The present invention benefits also from the use of computers. Any method can be performed on a computer, especially the design of index sequences, of truncated index sequences, of subsets and the set and then its uses, such as the assignment of determined sequences to index sequences and subsets as described herein. Thus any method of the invention can be computer-implemented. The invention also provides a computer program product comprising instructions which, when the program is executed by a computer, cause the computer to carry out any method of the invention or their steps, in particular the ones named in this paragraph. The invention also provides a computer-readable storage medium comprising these instructions.

The following description of the invention uses detailed practical terminology.
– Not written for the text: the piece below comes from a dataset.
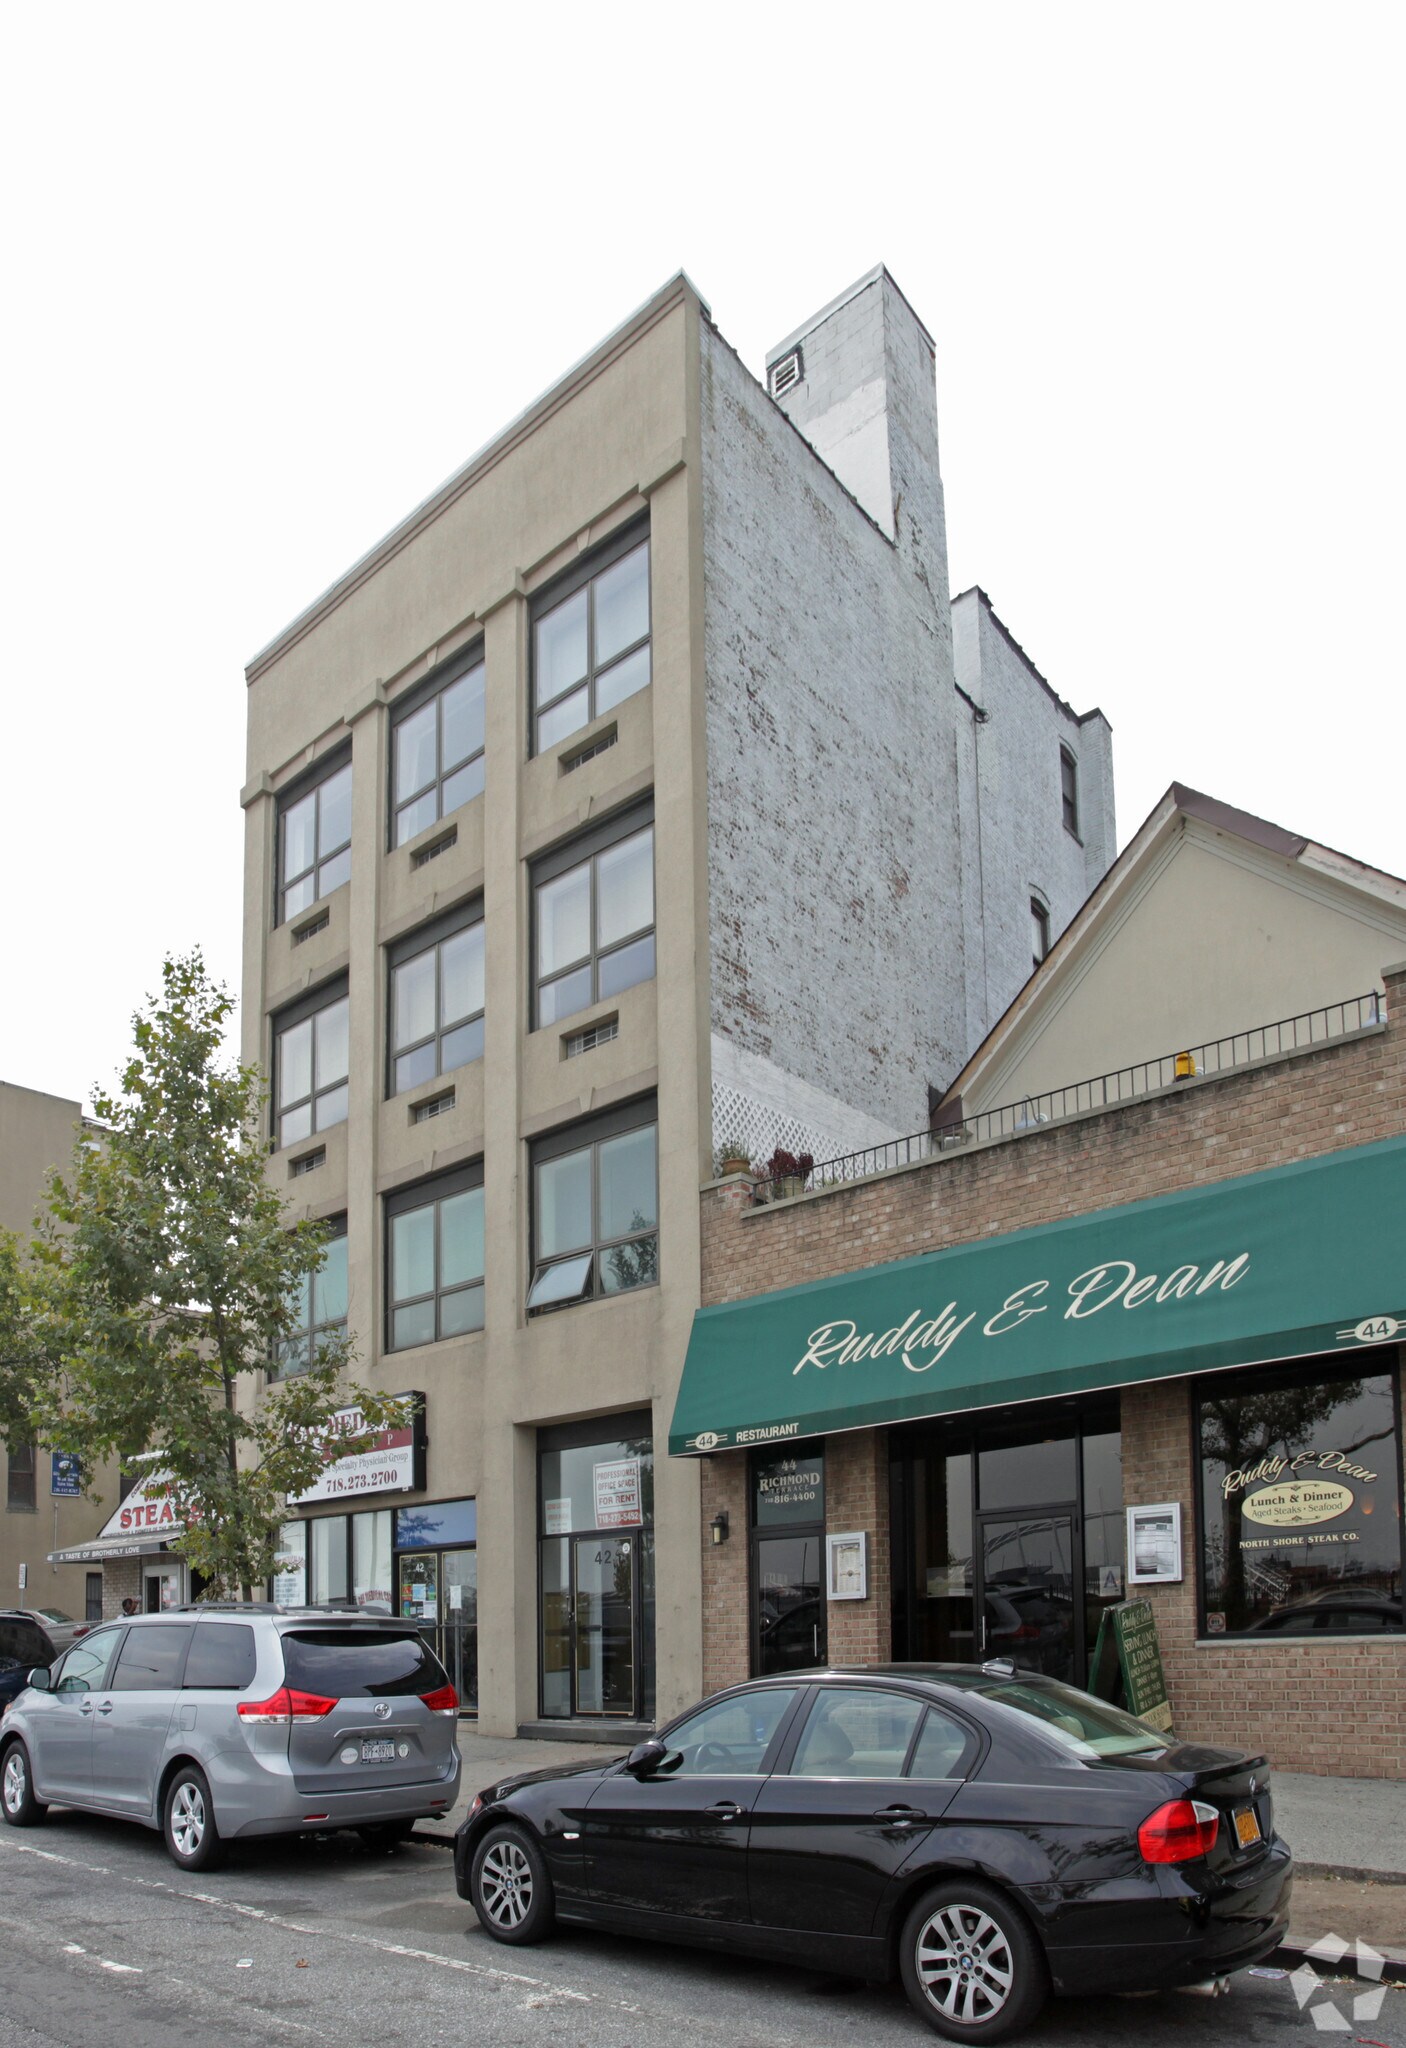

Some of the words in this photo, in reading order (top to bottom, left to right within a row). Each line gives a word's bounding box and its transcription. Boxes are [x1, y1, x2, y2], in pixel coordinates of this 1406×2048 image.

Of course, these descriptions and parts thereof can be combined with any of the general elements described above.

1. Nested Barcode Sets

A nested barcode set B contains S≥1 nested subsets B1⊂B2⊂ . . . ⊂BS such that the distance between barcodes within Bi increases for smaller barcode sets. If the distance between barcodes b,b′ is given by d(b,b′) and di=d(Bi)=minb,b′∈Bid(b,b′), then d1>d2> . . . >dS. A general outline on how such a nested barcode set can be created is given as follows. Let n be the length of the barcodes and choose a sequence of distances, such that d1>d2> . . . >dS. We start by generating a barcode set B1 with minimal inter-barcode distance equal to d1. In some cases, this can be achieved by a lexicographical search [2] . If d1 is chosen too large, it might not be possible to find a non-empty B1 consisting of barcodes of length n. Then another d1 shall be selected. However, in the following it is assumed that the sequence d1, . . . , dS has been labeled such that d1 is the first distance for which a non-empty B1 can be found. Since d1>d2, barcode set B1 can be used as a starting set in the search for B2, which, again, can be used as a starting set in the search for B3 etc. This process is visualized in FIG. 2. Here, B1 consists of 4 barcodes with label 1 with a minimal inter-barcode distance of d1. B2 is derived by using B1 as a starting set and adding 4 barcodes with label 2. For B2, one has d1>d2. Finally, B3 is derived by using B2 as a starting set and adding 16 barcodes with label 3. This gives d1>d2>d3 and B1⊂B2⊂B3. The exact method by which Bi+1 is derived from Bi depends on the barcode distance measure and the desired properties of the barcode sets Bi. To guarantee certain levels of cross-contamination, it might also be necessary to check further preferred properties of Bi in addition to d(Bi)=di . These details will be discussed in Section 4.1.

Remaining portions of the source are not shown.